§ **TASK PROMPT**: Please copy out each entry, word for word.

===== RECORD SET =====

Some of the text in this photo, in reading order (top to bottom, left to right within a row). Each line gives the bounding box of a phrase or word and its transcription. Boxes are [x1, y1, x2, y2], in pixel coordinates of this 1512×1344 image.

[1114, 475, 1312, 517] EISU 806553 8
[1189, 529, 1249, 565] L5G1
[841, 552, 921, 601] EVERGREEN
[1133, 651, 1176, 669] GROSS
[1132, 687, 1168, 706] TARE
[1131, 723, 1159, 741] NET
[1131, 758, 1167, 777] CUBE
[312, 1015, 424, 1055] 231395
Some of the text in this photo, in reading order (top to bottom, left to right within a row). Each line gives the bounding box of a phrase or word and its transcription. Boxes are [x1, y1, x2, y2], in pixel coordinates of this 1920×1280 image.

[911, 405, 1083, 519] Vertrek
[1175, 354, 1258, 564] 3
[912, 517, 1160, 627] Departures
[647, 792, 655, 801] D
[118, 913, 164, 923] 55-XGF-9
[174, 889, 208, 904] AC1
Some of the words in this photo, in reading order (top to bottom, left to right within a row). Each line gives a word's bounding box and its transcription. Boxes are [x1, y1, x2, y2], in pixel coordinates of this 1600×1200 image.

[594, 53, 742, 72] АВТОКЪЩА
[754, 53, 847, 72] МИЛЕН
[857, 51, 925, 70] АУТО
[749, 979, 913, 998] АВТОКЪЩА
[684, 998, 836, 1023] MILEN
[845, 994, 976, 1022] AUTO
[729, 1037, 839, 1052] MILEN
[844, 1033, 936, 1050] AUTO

=====

§ **WRITTEN ANSWER**:
Some of the text in this photo, in reading order (top to bottom, left to right within a row). Each line gives the bounding box of a phrase or word and its transcription. Boxes are [x1, y1, x2, y2], in pixel coordinates of this 1512×1344 image.

[1114, 475, 1312, 517] EISU 806553 8
[1189, 529, 1249, 565] L5G1
[841, 552, 921, 601] EVERGREEN
[1133, 651, 1176, 669] GROSS
[1132, 687, 1168, 706] TARE
[1131, 723, 1159, 741] NET
[1131, 758, 1167, 777] CUBE
[312, 1015, 424, 1055] 231395
Some of the text in this photo, in reading order (top to bottom, left to right within a row). Each line gives the bounding box of a phrase or word and its transcription. Boxes are [x1, y1, x2, y2], in pixel coordinates of this 1920×1280 image.

[911, 405, 1083, 519] Vertrek
[1175, 354, 1258, 564] 3
[912, 517, 1160, 627] Departures
[647, 792, 655, 801] D
[118, 913, 164, 923] 55-XGF-9
[174, 889, 208, 904] AC1
Some of the words in this photo, in reading order (top to bottom, left to right within a row). Each line gives a word's bounding box and its transcription. Boxes are [x1, y1, x2, y2], in pixel coordinates of this 1600×1200 image.

[594, 53, 742, 72] АВТОКЪЩА
[754, 53, 847, 72] МИЛЕН
[857, 51, 925, 70] АУТО
[749, 979, 913, 998] АВТОКЪЩА
[684, 998, 836, 1023] MILEN
[845, 994, 976, 1022] AUTO
[729, 1037, 839, 1052] MILEN
[844, 1033, 936, 1050] AUTO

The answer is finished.